As shown in Figure 8, the average minimum separation distances for MR methods 1, 3, and 4 were larger than those in the non-MR condition for most participants. This suggests that virtual guidance increases human–robot separation distance rather than reducing it; this is likely because the HoloLens limited participants’ peripheral vision, making them less confident in close-proximity interactions with the moving robot. Several participants also reported that the headset negatively affected their peripheral awareness. Statistical tests further support these observations: MR method 1 and method 4 produced the largest mean distances (49.9 cm and 42.8 cm, respectively), while MR method 2 yielded the smallest (23.1 cm). Paired Wilcoxon tests confirmed that method 4 was significantly higher than method 2 (

p = 0.0059

), but not significantly different from method 1 (

p = 0.375

) or method 3 (

p = 0.846

). We therefore describe method 4’s advantage over method 2 as statistically significant, while differences relative to method 1 and method 3 are reported as trends. The smaller distances in method 2 can be attributed to its unique delivery motion, which required participants to remain in closer proximity to the robot for longer periods, thereby reducing the minimum separation distance.

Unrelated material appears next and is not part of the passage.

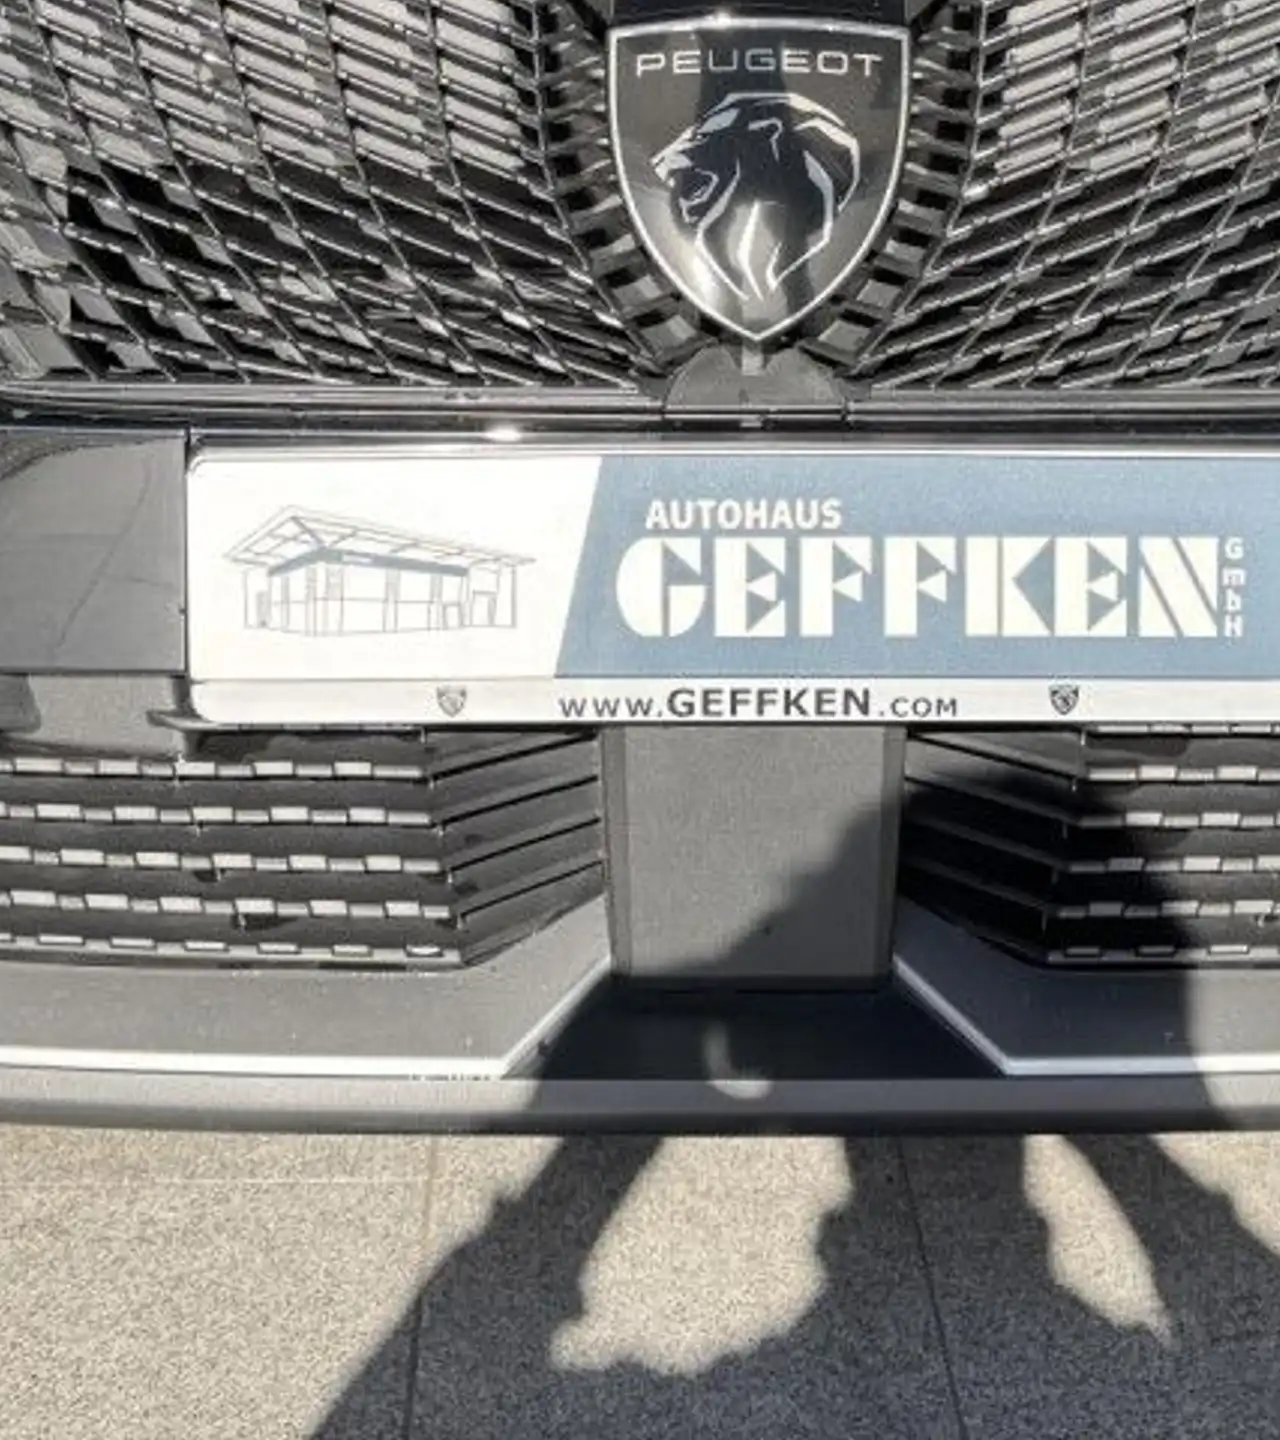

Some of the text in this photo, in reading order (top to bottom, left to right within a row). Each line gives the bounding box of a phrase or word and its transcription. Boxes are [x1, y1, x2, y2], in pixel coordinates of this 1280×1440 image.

[635, 48, 883, 78] PEUGEOT
[645, 498, 842, 531] AUTOHAUS
[615, 536, 1219, 638] GEFFKEN
[1222, 537, 1246, 638] GmbH

4.1.3. Time-Based Proximity Evaluation

Average minimum distance alone does not fully capture human–robot proximity over the entire experiment. To provide a more comprehensive measure, we also considered time spent within close range. Specifically, we counted the number of samples where hand or elbow tracking points fell below a 150 mm threshold, which is generally considered the uncomfortable working distance in human–robot interaction [29]. Since four body parts were tracked, four values were calculated per trial, and their average was used to represent the final proximity measure for each method. The results are presented in Figure 9.

As shown in Figure 9, the number of points represents the duration that participants remained within close proximity to the robot. For most participants, MR methods resulted in longer close-range interaction times compared to the non-MR condition. Among all methods, method 2 exhibited the longest interaction duration for most participants, consistently exceeding method 1.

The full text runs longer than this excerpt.